ST. PAUL (WCCO) ― The Minnesota Hospital Association is praising Children's Hospitals and Clinics for making life less painful and less scary for its young patients.

Children's won the Innovation of the Year award for giving children nitrous oxide, or laughing gas, to help them relax during procedures.

Eight-year-old Sidney has been missing a lot of school because of persistent infections.

"A lot of bladder and kidney infections," said Sidney's mother, Missy Kistler. "She's had way too many this year. Four of them already."

To find out why, doctors at Children's want to look inside her bladder for clues. To do that, nurses need to insert a very uncomfortable catheter.

To help Sidney be more comfortable, medical professionals are giving her nitrous oxide. The nitrous is a big relief to Kistler.

"No mother wants to see her child in pain, so the easier the better," she said.

Nitrous oxide has been around for 150 years. Dentists were the first ones to put it into use for patient care and it was a trip to the dentist's office that inspired Children's to give it a try.

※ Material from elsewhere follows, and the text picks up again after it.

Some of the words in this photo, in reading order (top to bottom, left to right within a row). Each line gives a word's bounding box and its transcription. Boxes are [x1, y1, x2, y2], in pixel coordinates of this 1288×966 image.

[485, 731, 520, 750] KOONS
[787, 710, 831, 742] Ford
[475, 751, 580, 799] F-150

"I was sitting in my dentist's office, waiting to have my teeth cleaned," said pediatric intensive care physician Judy Zier.

Zier struck up a conversation with her hygienist about how well the nitrous oxide works for young patients.

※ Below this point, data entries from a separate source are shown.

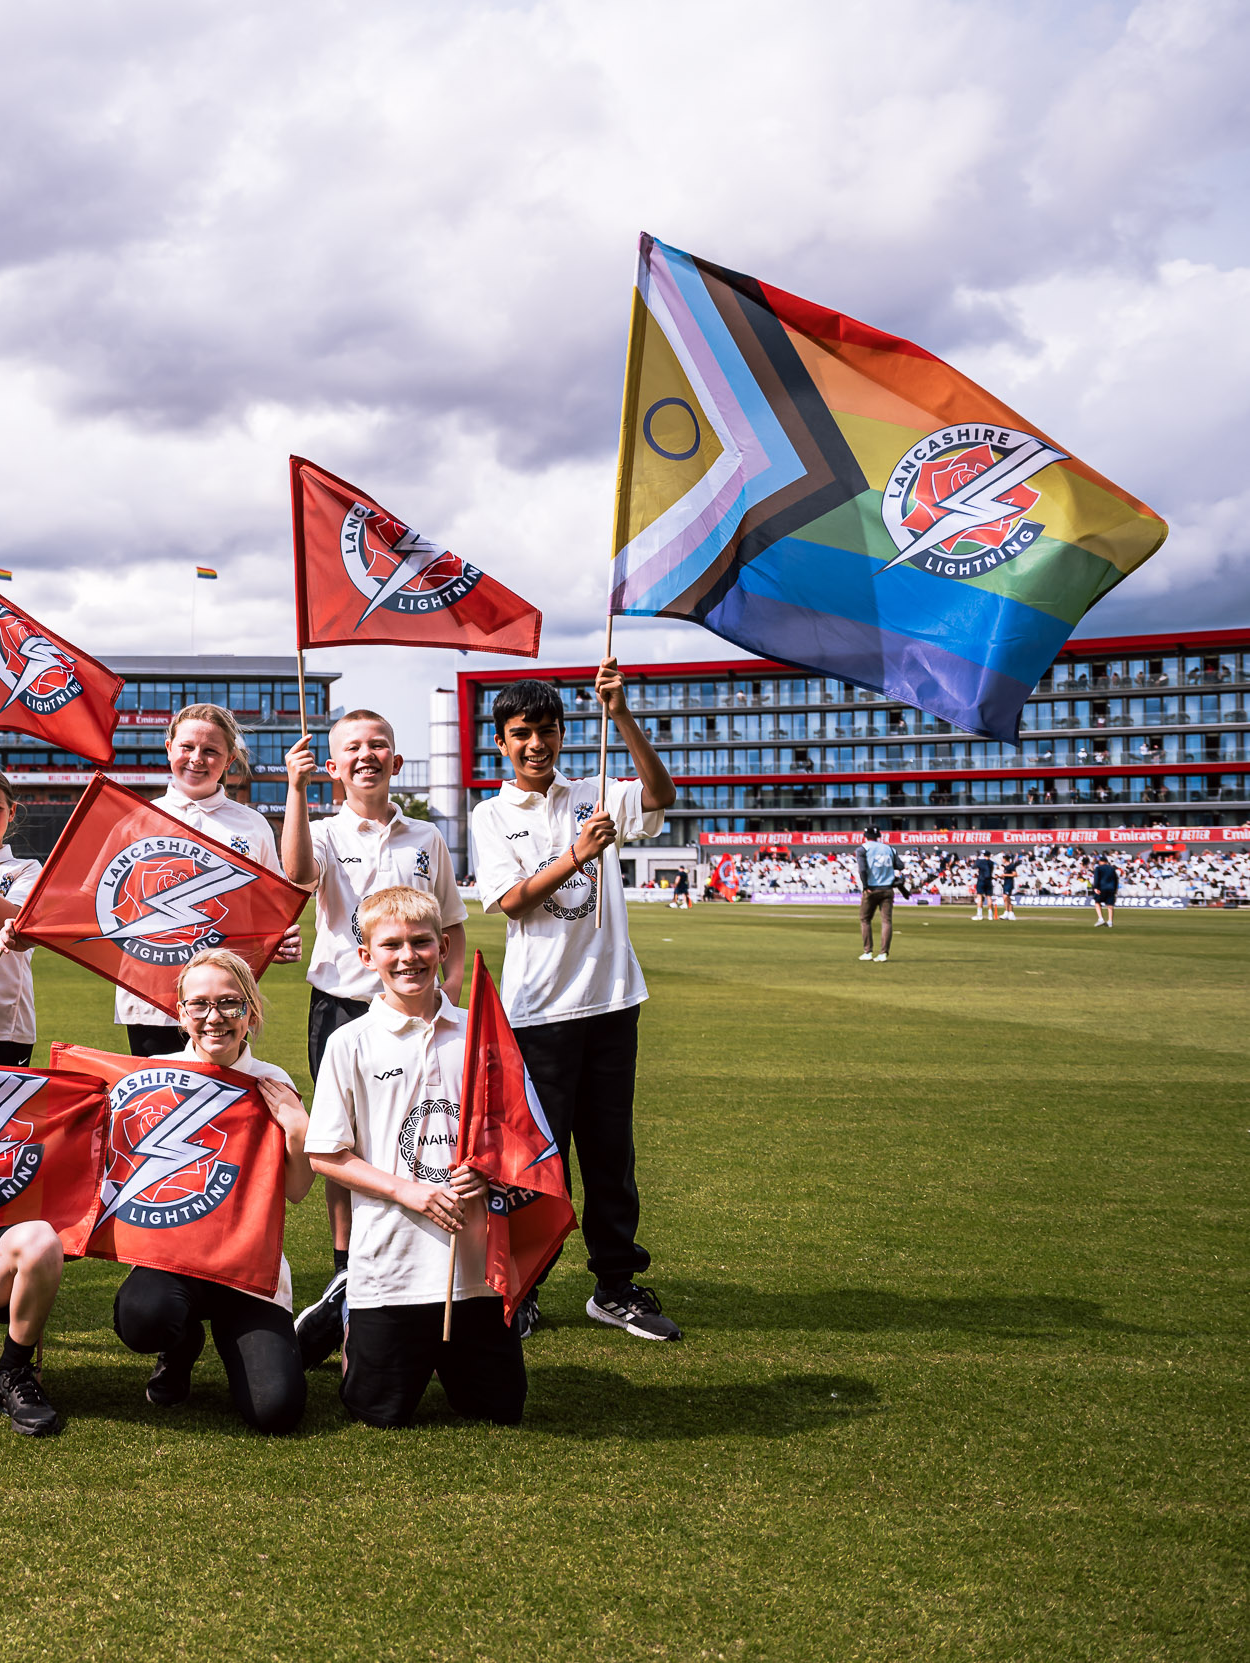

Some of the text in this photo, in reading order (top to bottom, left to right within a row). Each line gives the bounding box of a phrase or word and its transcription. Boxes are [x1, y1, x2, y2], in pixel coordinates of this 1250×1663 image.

[889, 428, 1011, 498] LANCASHIRE
[924, 530, 1034, 575] LIGHTNING
[398, 566, 481, 610] LIGHTNIN
[708, 834, 753, 844] Emirates
[755, 834, 767, 844] FLY
[802, 833, 849, 844] Emirates
[901, 833, 949, 843] Emirates
[952, 832, 964, 842] FLY
[965, 832, 991, 843] BETTER
[1003, 831, 1054, 842] Emirates
[1056, 831, 1070, 842] FLY
[1070, 830, 1098, 842] BETTER
[1110, 830, 1163, 842] Emirates
[1181, 829, 1210, 841] BETTER
[104, 840, 212, 888] LANCASHIRE
[558, 877, 587, 890] AHAL
[1019, 896, 1088, 906] INSURANCE
[111, 1072, 191, 1110] CASHIRE
[129, 1171, 233, 1225] LIGHTNING

"When you turn it on, you get the effects right away," Zier said. "Within 30 seconds to three minutes, the kids are feeling the effects. And it's not a deep sedative. Kids are still awake but they're just more relaxed."

Children's is now using it for 20 different procedures, including inserting IVs, stitching up cuts, CT scans and administering chemotherapy.

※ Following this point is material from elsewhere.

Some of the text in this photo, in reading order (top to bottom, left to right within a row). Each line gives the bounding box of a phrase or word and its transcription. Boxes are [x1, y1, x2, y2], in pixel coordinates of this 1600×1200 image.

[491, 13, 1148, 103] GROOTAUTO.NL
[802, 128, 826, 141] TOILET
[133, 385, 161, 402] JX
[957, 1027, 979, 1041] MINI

"I wish we could have found it many, many years ago," said radiology nurse Mary Kay Farrell. "I often wonder why we didn't think of it."

Farrell first saw paramedics using nitrous out on the field.

"And what I saw them using it for mostly was orthopedic injuries or trauma injuries to kids out in the field and the kids would calm down," Farrell said.

Not only does Children's now have nitrous oxide piped through its medical gas-supply lines, portable tanks and regulators can be wheeled to any department where it's needed.

Unlike deep sedatives which can knock a child out for hours and be trickier to time, children on nitrous are back to normal in 5 to 10 minutes.

They can also take commands, to help those treating them.

Conor, 11, is battling leukemia. That means frequent spinal taps to monitor his cancer and to inject some of his chemotherapy drugs. His mother said since the nitrous technique, Conor gets less sick and it's been a marvelous comfort to both of them.

While nitrous oxide is widely used for children in Europe, Zier said Americans have been a little slower to embrace it.

"I think medical people don't look at it as potent enough, but if you target it to the right procedures and you have a program where the nurses work with the patients and provide that extra distraction, it's just a very powerful tool," Zier said.

Zier and her staff have hosted a nitrous conference, teaching medical staff from other states. Zier and her staff first learned how to use nitrous oxide by taking classes at a dental school to get certified to use it.